Set down again each entry exactly as it reads, pictures excluded.

[Collected data]
◇ ◇ ◇ ◇ ◇

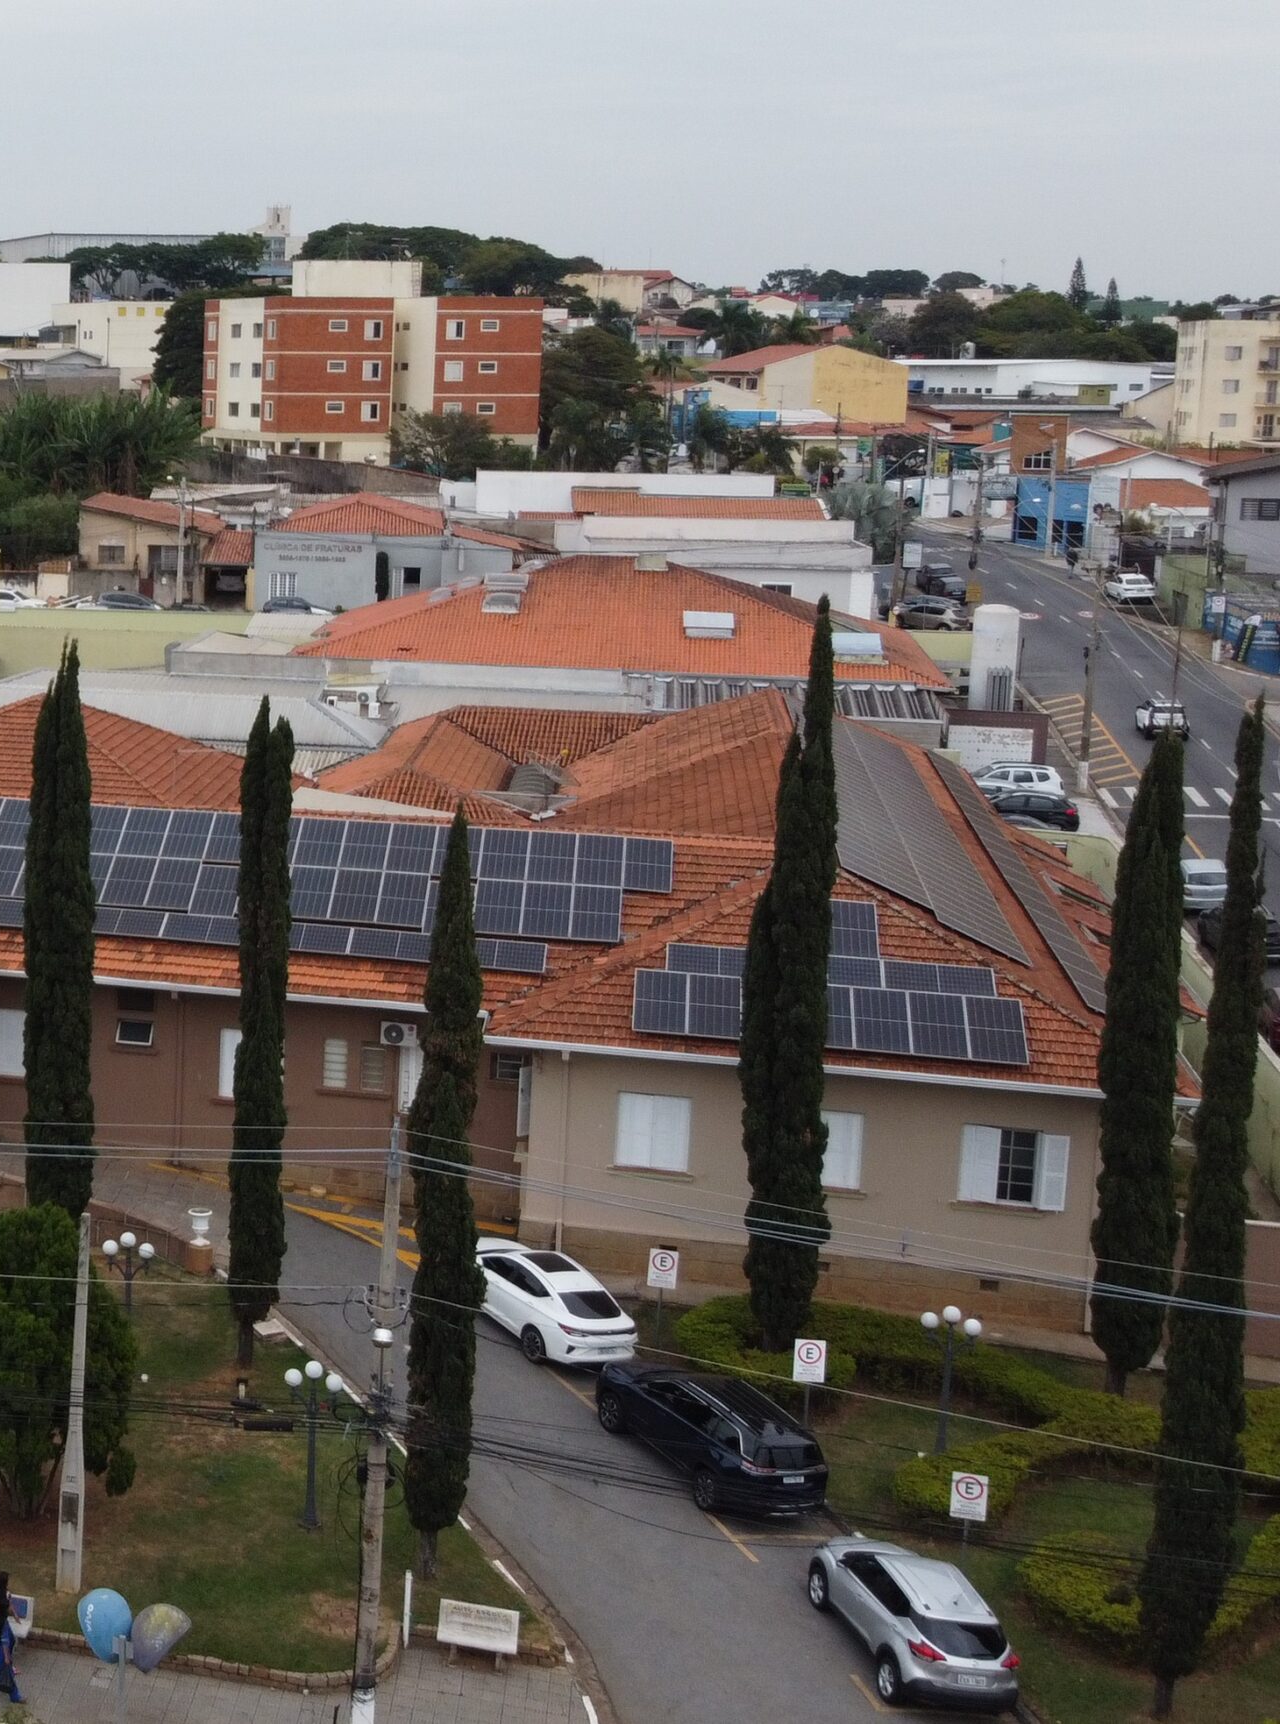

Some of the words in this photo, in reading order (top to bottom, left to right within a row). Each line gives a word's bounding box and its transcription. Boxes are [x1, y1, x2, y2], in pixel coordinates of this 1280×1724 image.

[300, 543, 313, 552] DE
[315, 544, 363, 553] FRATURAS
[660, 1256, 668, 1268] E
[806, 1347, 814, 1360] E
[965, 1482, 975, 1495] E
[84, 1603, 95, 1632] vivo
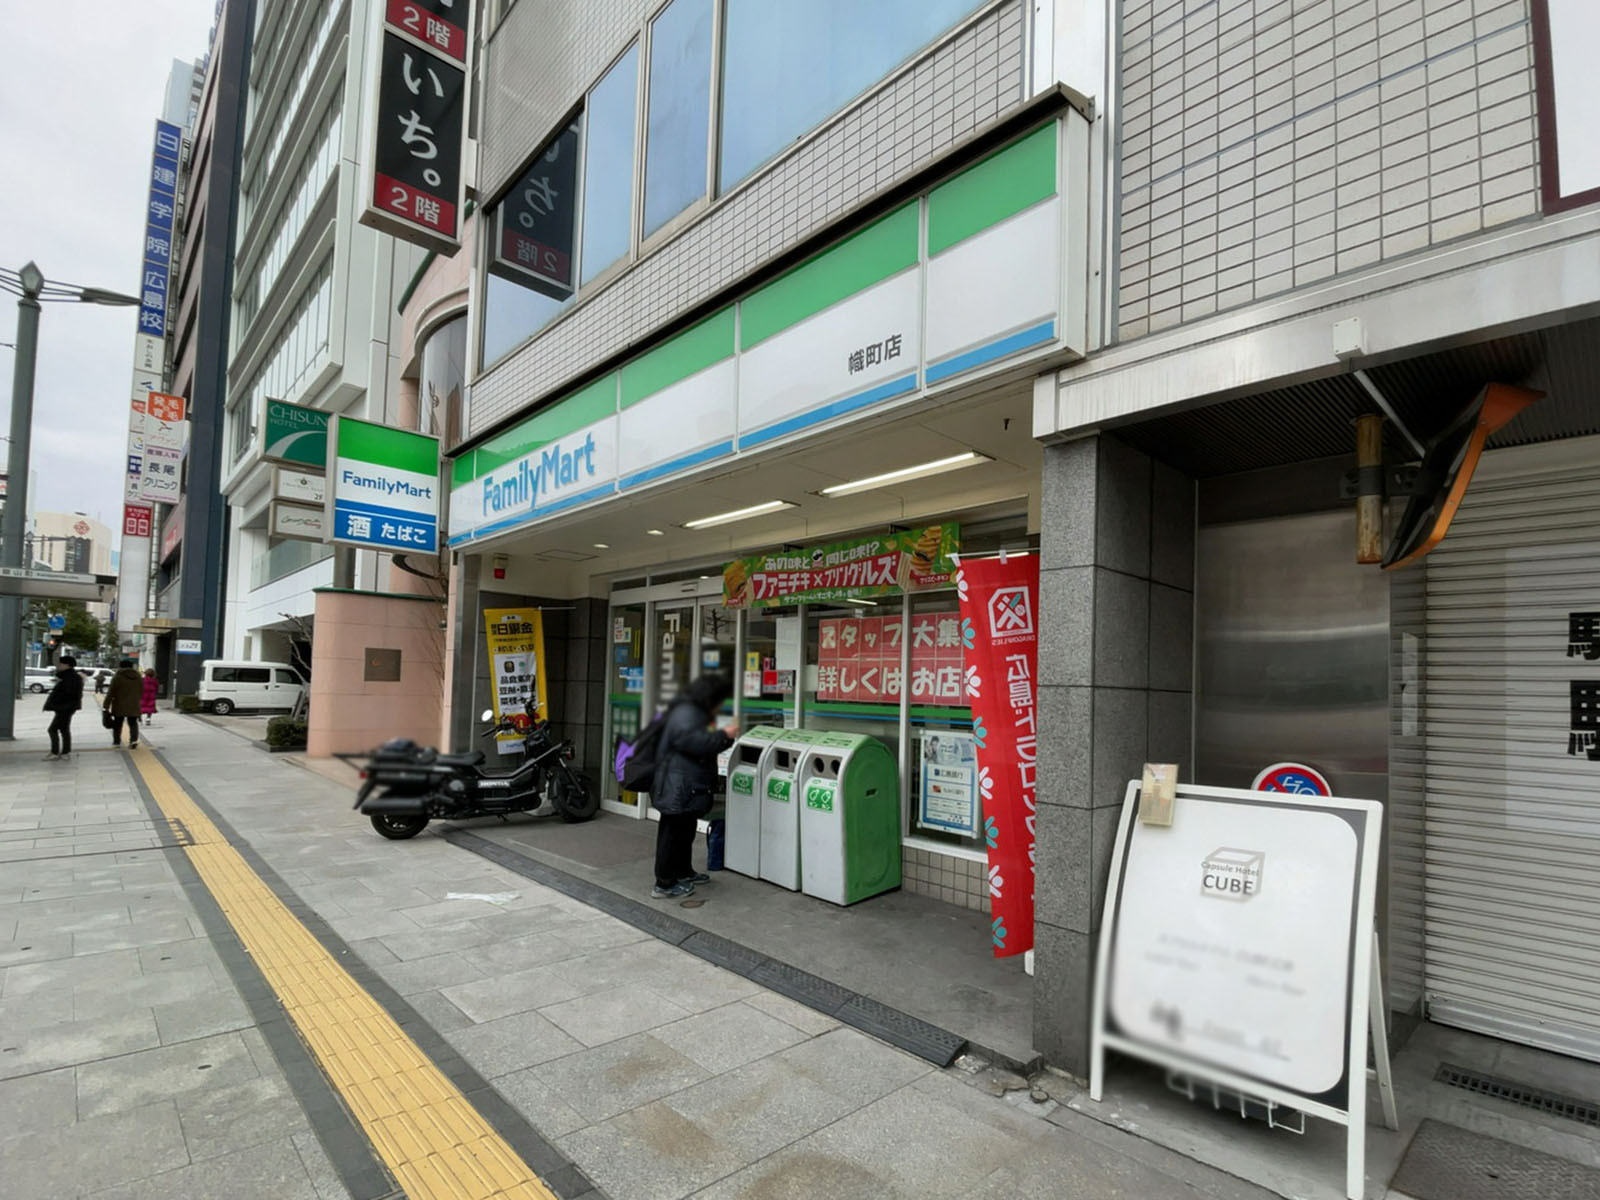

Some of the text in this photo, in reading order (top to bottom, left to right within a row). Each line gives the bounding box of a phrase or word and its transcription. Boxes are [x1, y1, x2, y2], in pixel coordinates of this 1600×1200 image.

◇ ◇ ◇ ◇ ◇

> Exercise result
Some of the words in this photo, in reading order (top to bottom, left to right within a row). Each line gives a word's bounding box and its transcription. Boxes are [x1, y1, x2, y2], in pixel coordinates of this 1280×1724 image.

[300, 543, 313, 552] DE
[315, 544, 363, 553] FRATURAS
[660, 1256, 668, 1268] E
[806, 1347, 814, 1360] E
[965, 1482, 975, 1495] E
[84, 1603, 95, 1632] vivo

Some of the text in this photo, in reading order (top to bottom, left to right within a row). Each line gives the bounding box of a phrase or word and its transcription. Boxes are [x1, y1, x2, y2], in pixel coordinates of this 1600×1200 image.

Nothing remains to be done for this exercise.